Volex, a company that supplies key components for data centers, has reported a 14.4% increase in revenue, reaching nearly £1 billion for the year ending March. This growth was largely propelled by a more than 50% surge in turnover from its Complex Industrial Technology unit, which is involved in AI-related data center work.
Despite the strong performance, Volex CEO Nat Rothschild indicated a cautious outlook for the company's data center arm, forecasting only a five percent growth in revenue from this segment. Rothschild stated that the company is not solely reliant on data centers for future growth and is focusing on other areas of its business, emphasizing Volex's diverse operations. He noted that the company's approach to data center growth has been 'conservative,' and while exceeding the five percent forecast is possible, it is not the primary driver for reaching a $2 billion turnover target.

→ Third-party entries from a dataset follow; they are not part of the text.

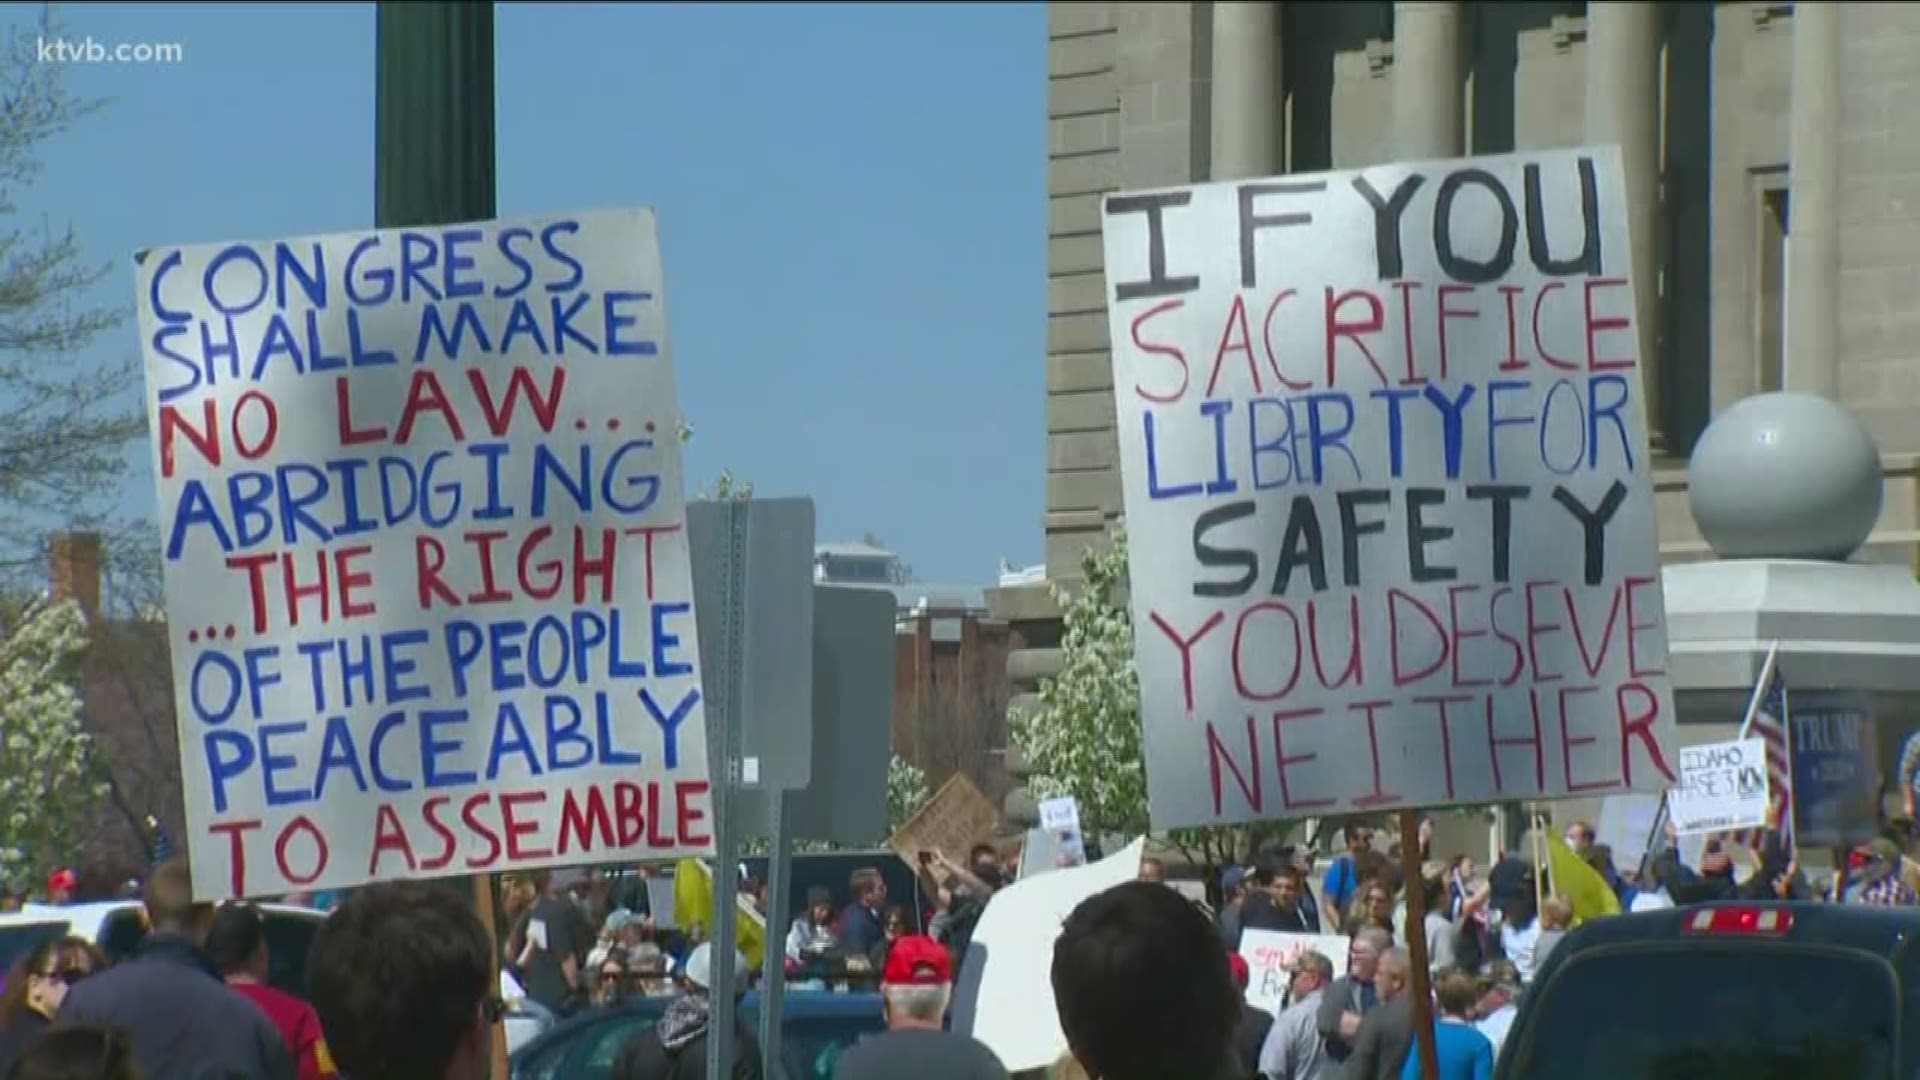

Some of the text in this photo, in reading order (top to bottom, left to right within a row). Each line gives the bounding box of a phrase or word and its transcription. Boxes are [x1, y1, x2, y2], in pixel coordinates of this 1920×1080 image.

[150, 220, 584, 324] CONGRESS
[1104, 157, 1602, 301] IF YOU
[152, 291, 657, 401] SHALL MAKE
[1131, 277, 1636, 404] SACRIFICE
[158, 390, 279, 478] NO
[1143, 375, 1633, 499] LIBERTY FOR
[166, 440, 659, 560] ABRIDGING
[1192, 480, 1628, 599] SAFETY
[416, 524, 682, 610] RIGHT
[190, 603, 694, 725] OF THE PEOPLE
[1150, 576, 1666, 719] YOU DESEVE
[203, 688, 700, 813] PEACEABLY
[1205, 683, 1676, 817] NEITHER
[1680, 770, 1720, 798] HASE
[1682, 746, 1743, 772] IDAHO
[1793, 714, 1860, 751] TRUM
[208, 780, 711, 898] TO ASSEMBLE

These comments come at a time when major technology companies like Meta, Google, Microsoft, and Amazon are collectively expected to spend $750 billion on AI infrastructure, including data centers, this year. Alphabet, Google's parent company, has already raised $85 billion in debt and plans to raise an additional $80 billion in equity.
Volex shares closed down 1.2% at 575p on Thursday. The stock has seen a 39% increase since the beginning of the year and is scheduled to transition from the AIM market to London's main market next month.